[[ MATERIAL FOR THIS TASK, beginning ]]
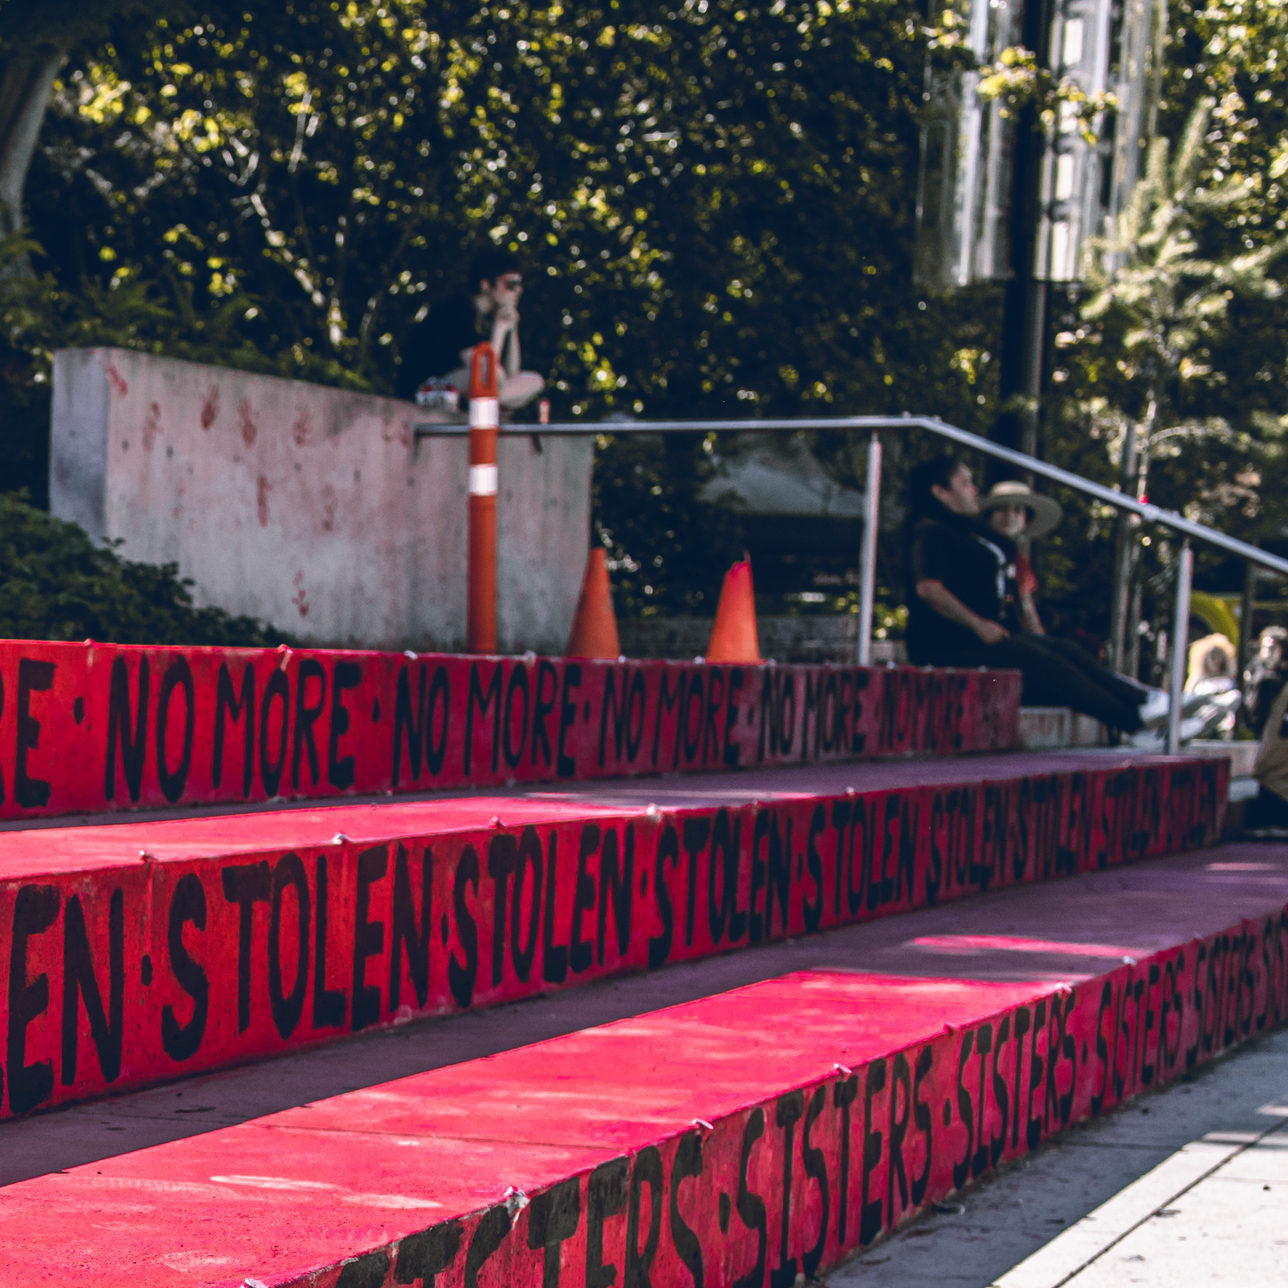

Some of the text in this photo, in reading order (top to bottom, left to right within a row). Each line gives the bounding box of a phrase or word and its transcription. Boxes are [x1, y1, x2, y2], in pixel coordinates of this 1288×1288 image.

[104, 652, 195, 802] NO
[213, 658, 362, 798] MORE
[392, 662, 450, 787] NO
[464, 661, 582, 777] MORE
[598, 665, 646, 769] NO
[652, 666, 744, 767] MORE
[161, 841, 434, 1061] STOLEN
[448, 823, 635, 1008] STOLEN
[648, 806, 793, 970] STOLEN
[803, 794, 920, 932] STOLEN
[953, 988, 1077, 1189] SISTERS
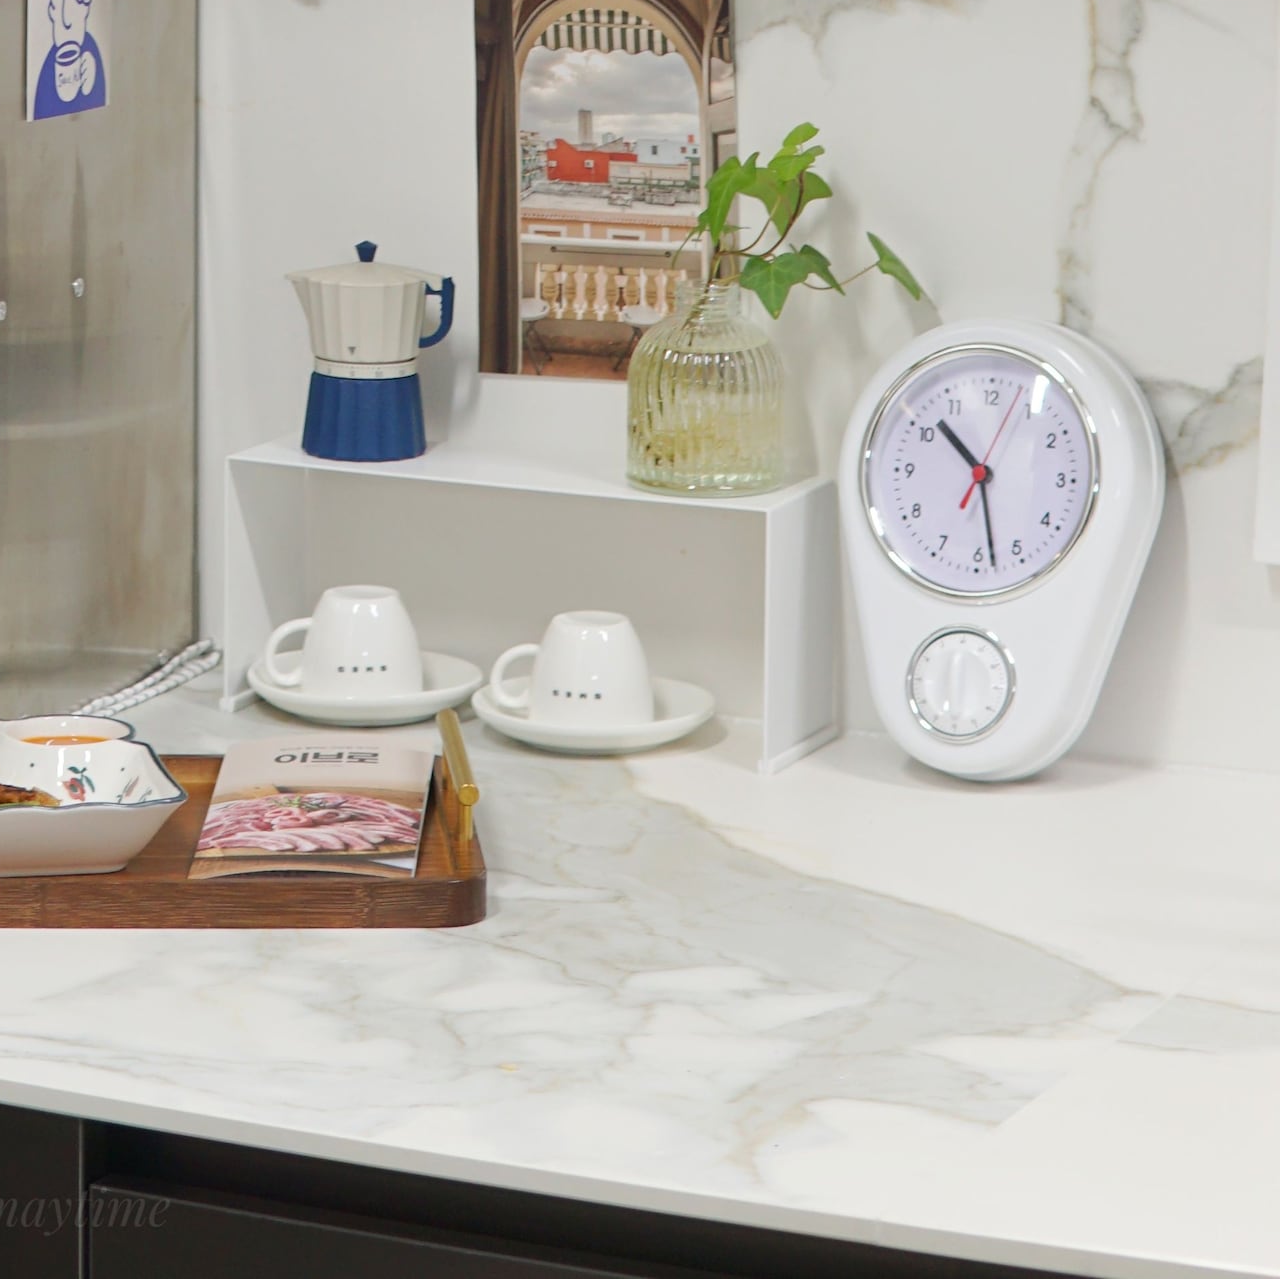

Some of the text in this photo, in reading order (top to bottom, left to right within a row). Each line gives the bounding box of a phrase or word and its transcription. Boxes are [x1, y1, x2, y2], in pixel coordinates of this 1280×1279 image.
[[ MATERIAL FOR THIS TASK, end ]]
§ **ASSIGNED TASK**
From the first record above to the last, output each one exactly and omit the pictures.

§ **REPLY**
Some of the text in this photo, in reading order (top to bottom, left to right within a row). Each line gives the bounding box of a phrase or word and its transcription. Boxes are [x1, y1, x2, y2], in pixel coordinates of this 1288×1288 image.

[104, 652, 195, 802] NO
[213, 658, 362, 798] MORE
[392, 662, 450, 787] NO
[464, 661, 582, 777] MORE
[598, 665, 646, 769] NO
[652, 666, 744, 767] MORE
[161, 841, 434, 1061] STOLEN
[448, 823, 635, 1008] STOLEN
[648, 806, 793, 970] STOLEN
[803, 794, 920, 932] STOLEN
[953, 988, 1077, 1189] SISTERS

Some of the text in this photo, in reading order (top to bottom, left to right within a row). Each line gives the bounding box of a phrase or word and its transcription. Boxes are [x1, y1, x2, y2], in pixel coordinates of this 1280×1279 image.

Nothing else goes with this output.